Instructions to follow: From the line that contains "this 1482×1311 image." to the end of the records below, copy every line exactly. Both the first and last of these lines count.

Exercise inputs:
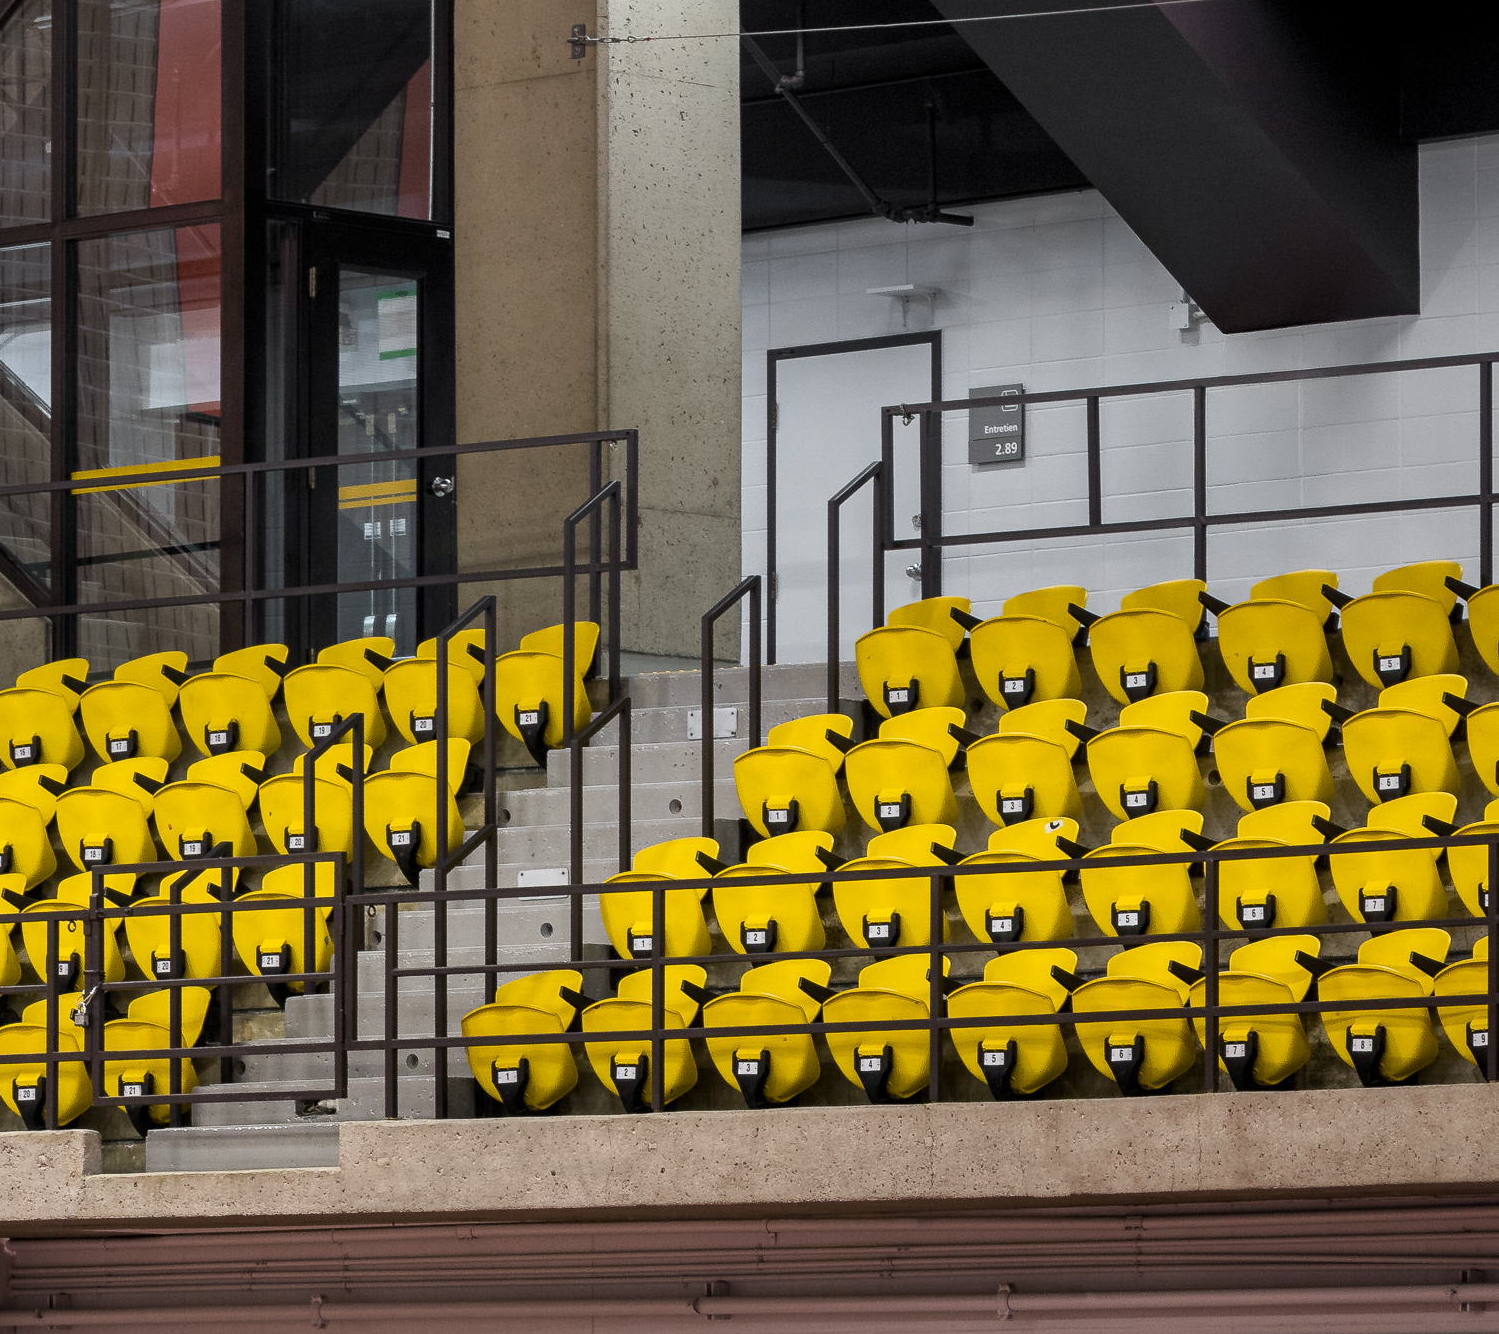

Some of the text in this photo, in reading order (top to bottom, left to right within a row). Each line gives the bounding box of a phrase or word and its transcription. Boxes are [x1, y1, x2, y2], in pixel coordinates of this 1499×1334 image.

[984, 423, 1018, 434] Entretien
[995, 441, 1018, 456] 2.89
[1387, 659, 1393, 669] 5
[1261, 667, 1267, 676] 4
[1133, 676, 1139, 685] 3
[1011, 681, 1017, 691] 2
[525, 714, 532, 723] 21
[419, 720, 427, 729] 20
[318, 726, 326, 735] 19
[214, 734, 221, 743] 18
[115, 742, 123, 751] 17
[19, 748, 26, 756] 16
[1386, 777, 1391, 787] 6
[1261, 787, 1266, 797] 5
[1134, 795, 1139, 804] 4
[887, 806, 892, 815] 2
[1010, 801, 1015, 811] 3
[294, 837, 302, 847] 20
[397, 834, 405, 843] 21
[189, 844, 196, 853] 19
[89, 849, 97, 859] 18
[1372, 900, 1377, 910] 7
[1251, 908, 1257, 918] 6
[1125, 914, 1130, 924] 5
[1000, 921, 1005, 930] 4
[876, 926, 881, 936] 3
[753, 932, 758, 942] 2
[266, 956, 274, 965] 21
[161, 961, 169, 971] 20
[1480, 1033, 1486, 1044] 9
[1360, 1039, 1366, 1050] 8
[1119, 1049, 1124, 1059] 6
[1232, 1045, 1238, 1055] 7
[991, 1053, 997, 1064] 5
[745, 1063, 751, 1073] 3
[868, 1059, 873, 1069] 4
[623, 1067, 629, 1077] 2
[22, 1089, 31, 1099] 20
[128, 1086, 137, 1095] 21
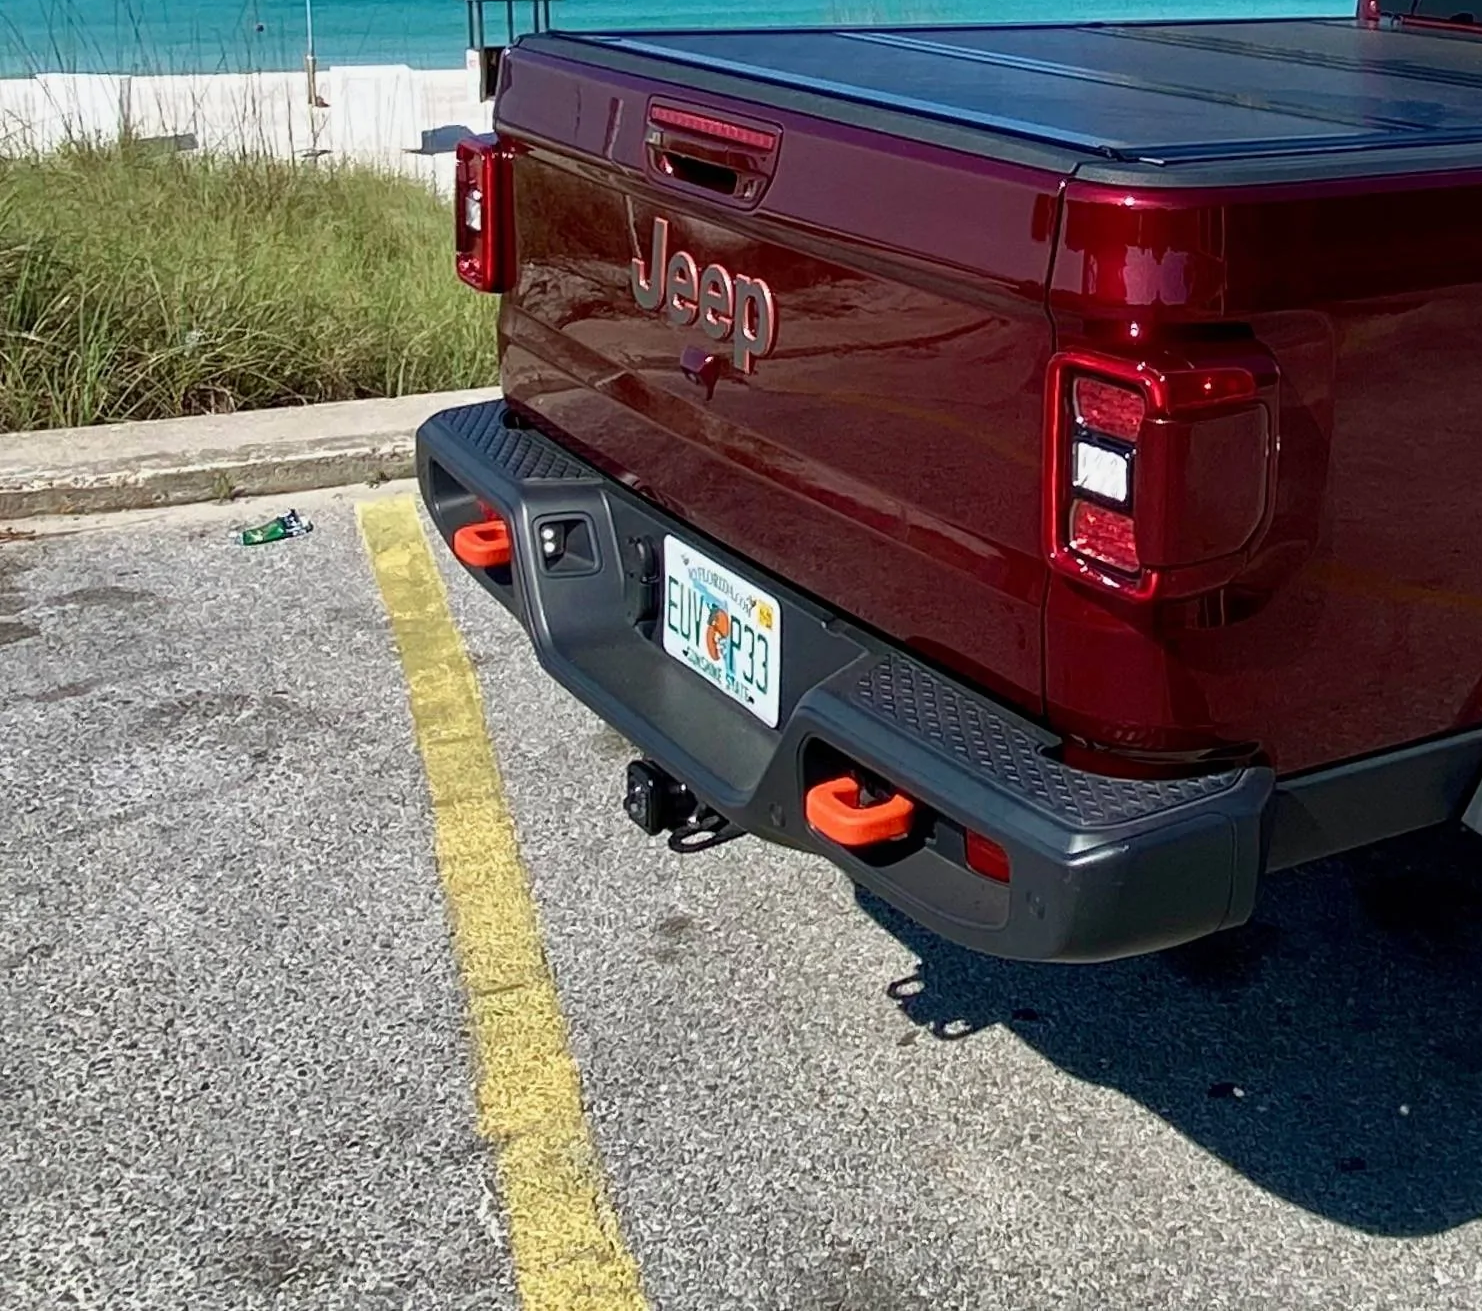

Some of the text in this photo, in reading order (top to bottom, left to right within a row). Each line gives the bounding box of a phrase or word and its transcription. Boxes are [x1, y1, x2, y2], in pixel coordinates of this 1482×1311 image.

[631, 217, 775, 374] Jeep
[668, 575, 704, 648] EUV
[730, 615, 768, 696] P33

Answer to the exercise:
Some of the text in this photo, in reading order (top to bottom, left to right within a row). Each line gives the bounding box of a phrase or word and its transcription. Boxes are [x1, y1, x2, y2], in pixel coordinates of this 1482×1311 image.

[631, 217, 775, 374] Jeep
[668, 575, 704, 648] EUV
[730, 615, 768, 696] P33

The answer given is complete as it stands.